We retrospectively reviewed the records of all patients discharged from the general medicine service of an urban teaching hospital from July 1, 2009 to June 30, 2010 (12,383 discharges). We collected data on all readmissions to surrounding hospitals in the hospital’s network. Preventable readmissions were differentiated from nonpreventable readmissions using a validated algorithm based on ICD–9 codes (SQLape). Admissions followed by a 30–day preventable readmission were compared to admissions not followed by a 30–day readmission, and the relative contribution of psychiatric disease or substance abuse was assessed.
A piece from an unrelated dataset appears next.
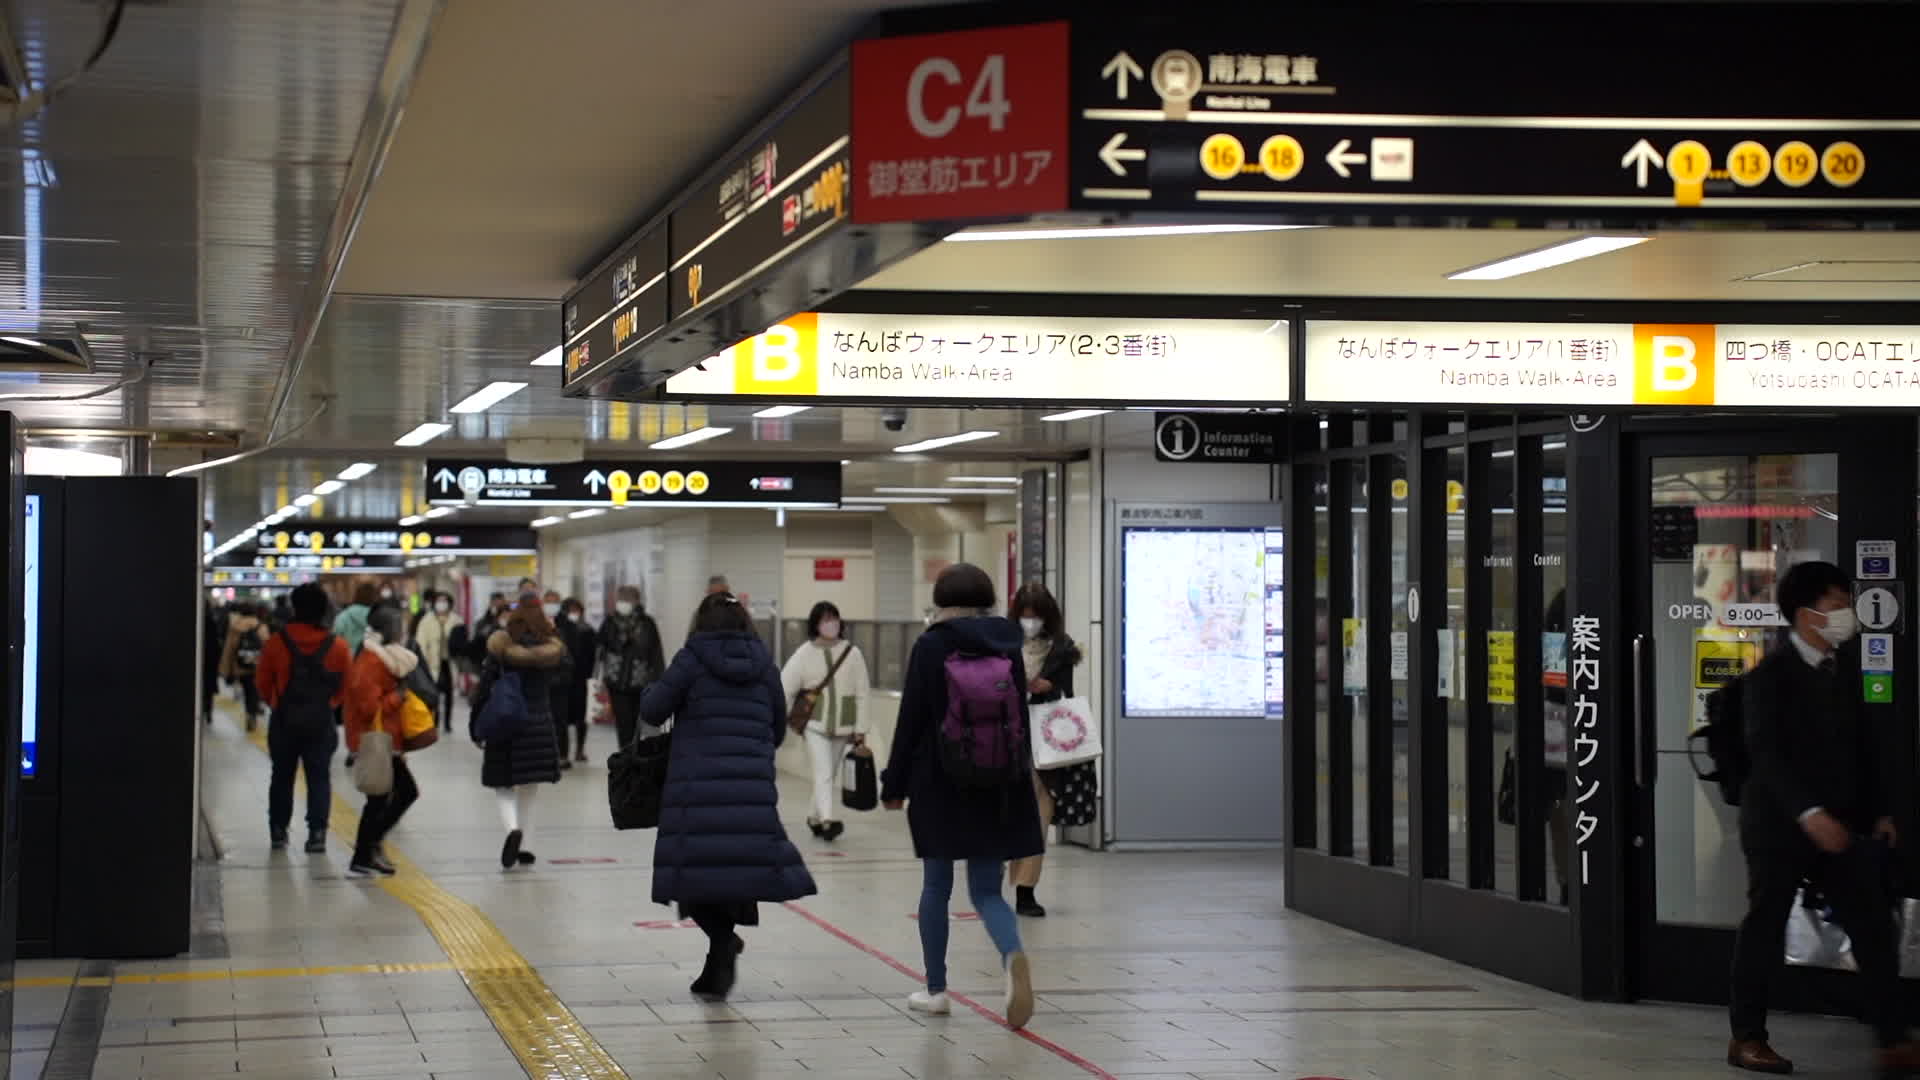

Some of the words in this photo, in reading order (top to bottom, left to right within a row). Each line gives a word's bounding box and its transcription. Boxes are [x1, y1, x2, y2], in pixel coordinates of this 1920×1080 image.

Patients were considered to have a psychiatric illness or active substance abuse, if they met any of three conditions: they had a diagnosis consistent with these diseases on their outpatient problem list and were prescribed a medication intended to treat the disease, they had an admission or discharge diagnosis of psychiatric disease or substance abuse on their index hospitalization, or they were referred to the addiction psychiatry team during their index admission.

Results:

There were 1,101 preventable readmissions over the time period (11% preventable readmission rate). Compared to patients who were not readmitted, patients with preventable readmissions were significantly more likely to have psychiatric disease or substance abuse. In multivariate analyses correcting for age, sex, length of stay, and Elixhauser comorbidity index, patients with psychiatric disease and/or substance abuse were at increased risk for preventable readmission (OR 1.25, CI 1.05–1.47), with each psychiatric diagnosis found on the outpatient problem list increasing readmission risk by ∼25% (OR 1.24, CI 0.99–1.57), while a decreased number of prescribed psychiatric medications lowered readmission risk (OR 0.73 (CI 0.57–0.94) comparing lowest to highest tertile).

Conclusions:

Our findings suggest that patients with psychiatric illness or active substance abuse are at increased risk for preventable hospital readmission. Inclusion of these patients into prediction models may improve their performance, while designing interventions that address these comorbidities may offer promise for decreasing preventable hospital readmissions.